Hundreds of thousands of cows are believed to have died in floods in northern Australia after the state of Queensland was hit by record rainfall.

A torrential downpour that lashed the coastal city of Townsville on Saturday and Sunday swept inland and flooded grazing land across the region this week.

The floodwaters are estimated to have killed up to 300,000 cattle worth up to $300m Australian dollars (£164m) to the country’s farming industry, according to Australian Associated Press.

Pictures posted on social media showed scores of cows trapped on patches of high ground surrounded by water, or lying dead in the mud.

Queensland cattle farmer Michael Bulley said he flew over his properties by helicopter and saw water stretching for miles in every direction. He estimated up to 60 per cent of his cattle had been killed by the flooding.

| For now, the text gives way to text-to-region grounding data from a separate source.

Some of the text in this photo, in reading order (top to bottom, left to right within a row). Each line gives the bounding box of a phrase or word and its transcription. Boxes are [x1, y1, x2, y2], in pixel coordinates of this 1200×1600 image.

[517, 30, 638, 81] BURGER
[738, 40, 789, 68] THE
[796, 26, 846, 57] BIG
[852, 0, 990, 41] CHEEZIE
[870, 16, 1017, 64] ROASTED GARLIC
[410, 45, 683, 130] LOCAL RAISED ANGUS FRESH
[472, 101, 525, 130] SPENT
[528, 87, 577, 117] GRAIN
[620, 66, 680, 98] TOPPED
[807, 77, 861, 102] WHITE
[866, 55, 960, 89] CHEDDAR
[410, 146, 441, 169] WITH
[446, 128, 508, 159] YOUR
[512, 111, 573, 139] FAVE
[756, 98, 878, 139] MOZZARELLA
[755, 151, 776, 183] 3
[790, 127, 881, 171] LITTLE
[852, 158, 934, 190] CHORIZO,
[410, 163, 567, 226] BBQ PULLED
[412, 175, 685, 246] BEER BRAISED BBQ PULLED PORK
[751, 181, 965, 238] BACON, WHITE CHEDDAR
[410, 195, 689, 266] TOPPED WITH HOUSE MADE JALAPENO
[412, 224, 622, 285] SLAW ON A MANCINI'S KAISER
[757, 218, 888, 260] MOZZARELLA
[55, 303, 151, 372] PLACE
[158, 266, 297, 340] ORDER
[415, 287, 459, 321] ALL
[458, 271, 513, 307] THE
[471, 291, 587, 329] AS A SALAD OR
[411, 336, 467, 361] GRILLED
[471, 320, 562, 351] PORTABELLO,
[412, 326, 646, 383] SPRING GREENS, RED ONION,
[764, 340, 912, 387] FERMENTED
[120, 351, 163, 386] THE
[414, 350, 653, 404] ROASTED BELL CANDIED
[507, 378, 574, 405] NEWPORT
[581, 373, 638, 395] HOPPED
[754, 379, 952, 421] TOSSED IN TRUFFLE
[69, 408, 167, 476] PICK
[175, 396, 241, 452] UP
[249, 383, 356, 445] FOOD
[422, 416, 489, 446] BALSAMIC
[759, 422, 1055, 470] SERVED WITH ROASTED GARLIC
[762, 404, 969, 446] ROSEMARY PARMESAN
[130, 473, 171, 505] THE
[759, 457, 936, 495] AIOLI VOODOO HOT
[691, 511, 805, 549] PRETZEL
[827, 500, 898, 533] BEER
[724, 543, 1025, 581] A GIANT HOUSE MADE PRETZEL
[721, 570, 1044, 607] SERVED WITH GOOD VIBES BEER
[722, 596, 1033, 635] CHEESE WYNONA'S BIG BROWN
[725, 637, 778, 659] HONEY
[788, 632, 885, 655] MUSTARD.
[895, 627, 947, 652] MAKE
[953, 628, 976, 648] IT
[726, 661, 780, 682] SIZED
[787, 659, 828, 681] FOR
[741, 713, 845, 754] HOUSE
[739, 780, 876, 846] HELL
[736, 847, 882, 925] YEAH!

“It’s devastated the country ... there’s stock dead everywhere. Not just cattle, it’s sheep, kangaroos, wild pigs, they’ve all died and suffered from it.”

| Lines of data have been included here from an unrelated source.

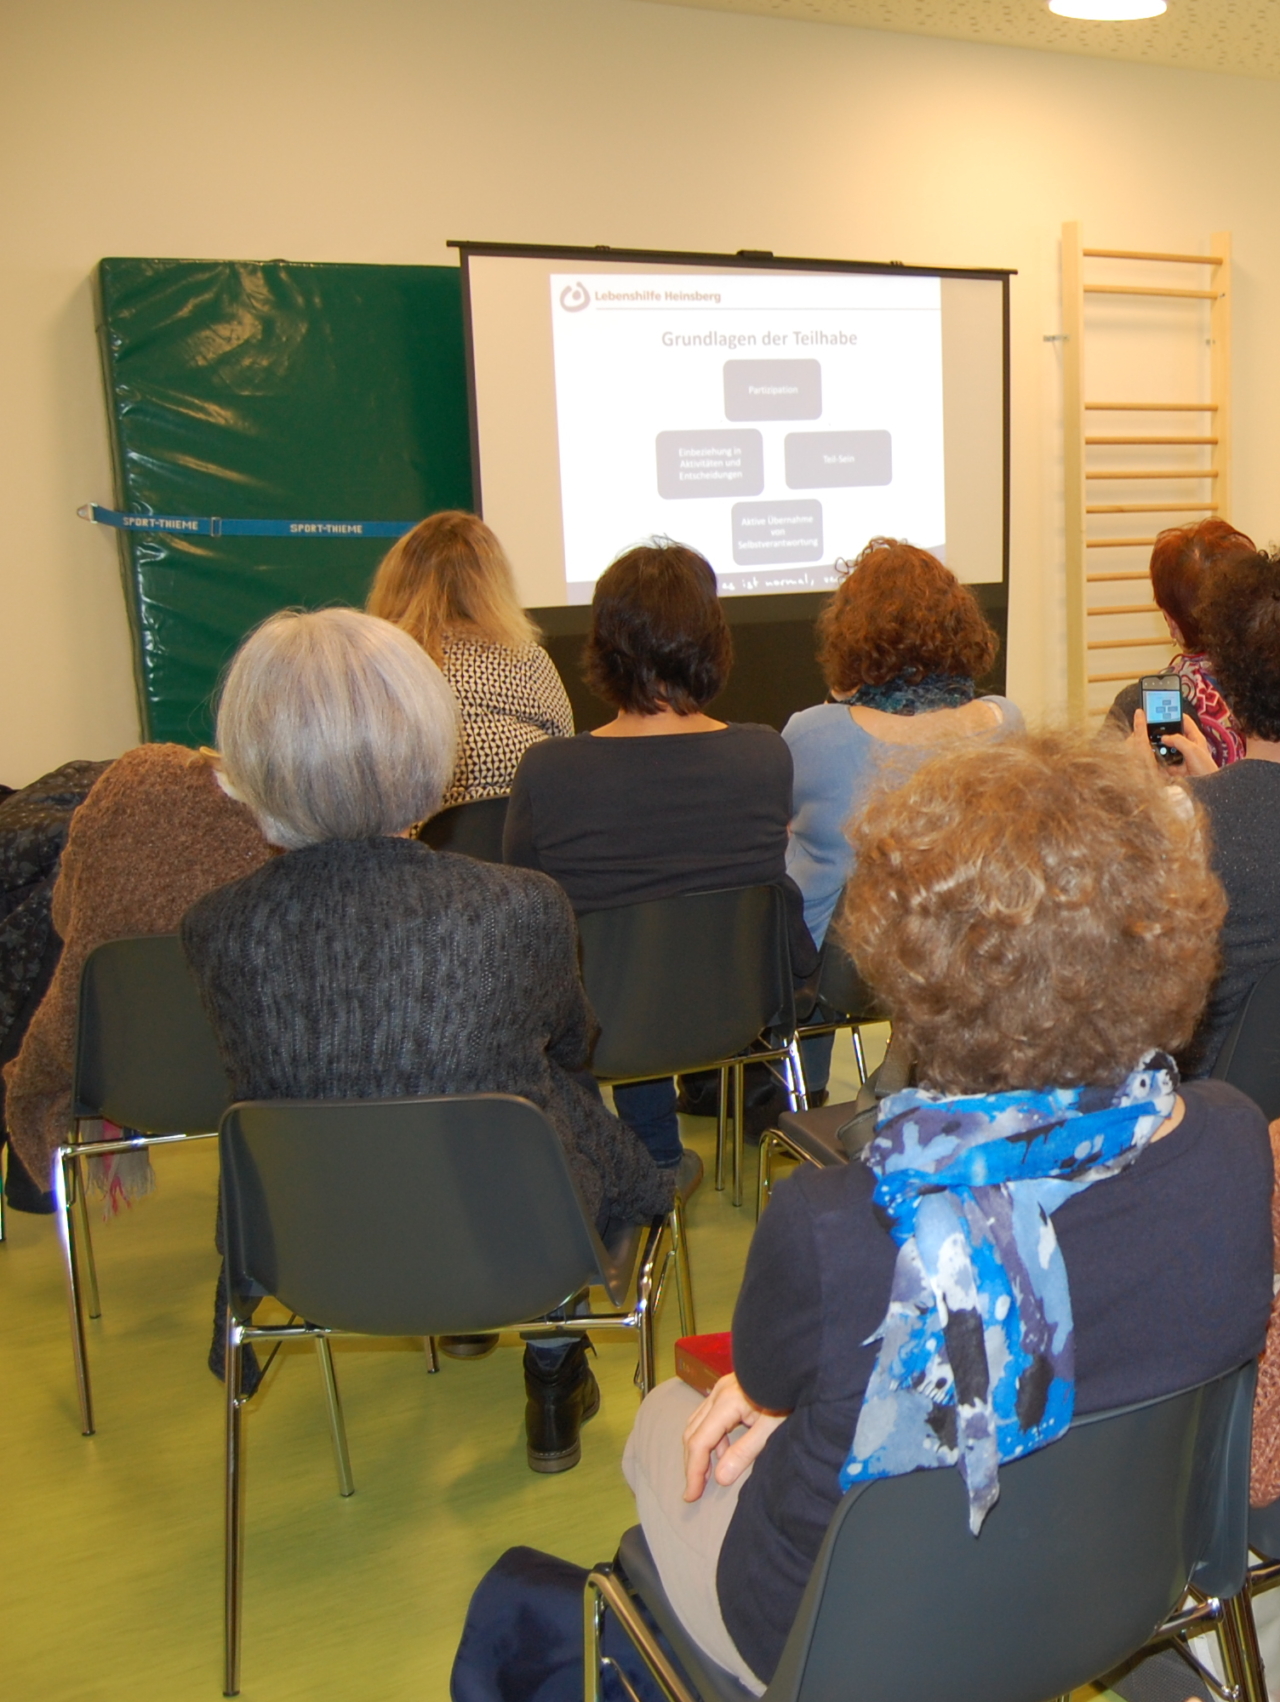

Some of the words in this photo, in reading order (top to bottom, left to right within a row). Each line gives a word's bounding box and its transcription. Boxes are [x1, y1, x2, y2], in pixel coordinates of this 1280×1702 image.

[594, 290, 662, 301] Lebenshilfe
[664, 290, 721, 304] Heinsberg
[661, 330, 757, 350] Grundlagen
[761, 330, 788, 346] der
[792, 330, 858, 346] Teilhabe
[748, 384, 799, 396] Partizipation
[678, 446, 733, 458] Einbeziehung
[733, 446, 742, 455] in
[680, 458, 723, 468] Aktivitäten
[725, 458, 742, 467] und
[823, 454, 856, 464] Teil-Sein
[678, 470, 743, 481] Entscheidungen
[122, 516, 199, 531] SPORT-THIEME
[741, 516, 766, 526] Aktive
[767, 514, 814, 526] Übernahme
[289, 522, 363, 534] SPORT-THIEME
[770, 528, 786, 537] von
[737, 537, 819, 550] Selbstverantwortung
[742, 576, 759, 590] ist
[765, 573, 815, 587] normal,

“We’ve had a year and a half of rainfall in about seven days,” Mr Bulley added.

Annastacia Palaszczu, the Premier of Queensland told Australia’s ABC News she had witnessed a “sea of dead cattle” when she toured one part of the flooded region.

“To see the cattle spread across these yards not moving, it made you feel sick in the stomach,” she said.

Prime Minister Scott Morrison told reporters: “We are expecting hundreds of thousands in terms of stock losses. This will be heart-breaking to these communities that have been experiencing years of drought only to see that turn into a torrential inundation.”

Authorities plan to drop bales of hay for the surviving cattle stranded in flooded areas. Affected farms will be eligible to apply for grants of up to $25,000 Australian dollars (£13,700) as part of a disaster recovery fund.

Some surviving cows in flood-stricken area 

The weather bureau said a wide arc of the Queensland outback stretching for 250 miles from Mt. Isa to Richmond had been hit by flooding. The full scale of the disaster would not be known until the clouds cleared.

Two men died in Townsville and more than 1,100 people were evacuated earlier this week after authorities opened floodgates at the Ross River Dam when the rains filled reservoirs to overflowing.

The government of Queensland announced an inquiry into the flooding in Townsville following questions about why local authorities failed to predict the record rainfall.

Flooding in Townsville

Earlier this week the Mayor of Townsville Jenny Hill said the town had received “more than years’ worth of rain in seven days … It surpasses anything we have on record.”

A spokesman for global commodities trader Glencore said on Friday the monsoon had resulted in a “short term” production disruption at its Collinsville and Newlands coal operations in the state.

“Queensland desperately needed rain and now it’s had way too much in some areas,” said Phin Ziebell, agribusiness analyst at National Australia Bank.

“I just don’t think we have enough information at this stage to determine the scale of the stock losses and what benefit that part of the country can get from a bit of pasture,” he added.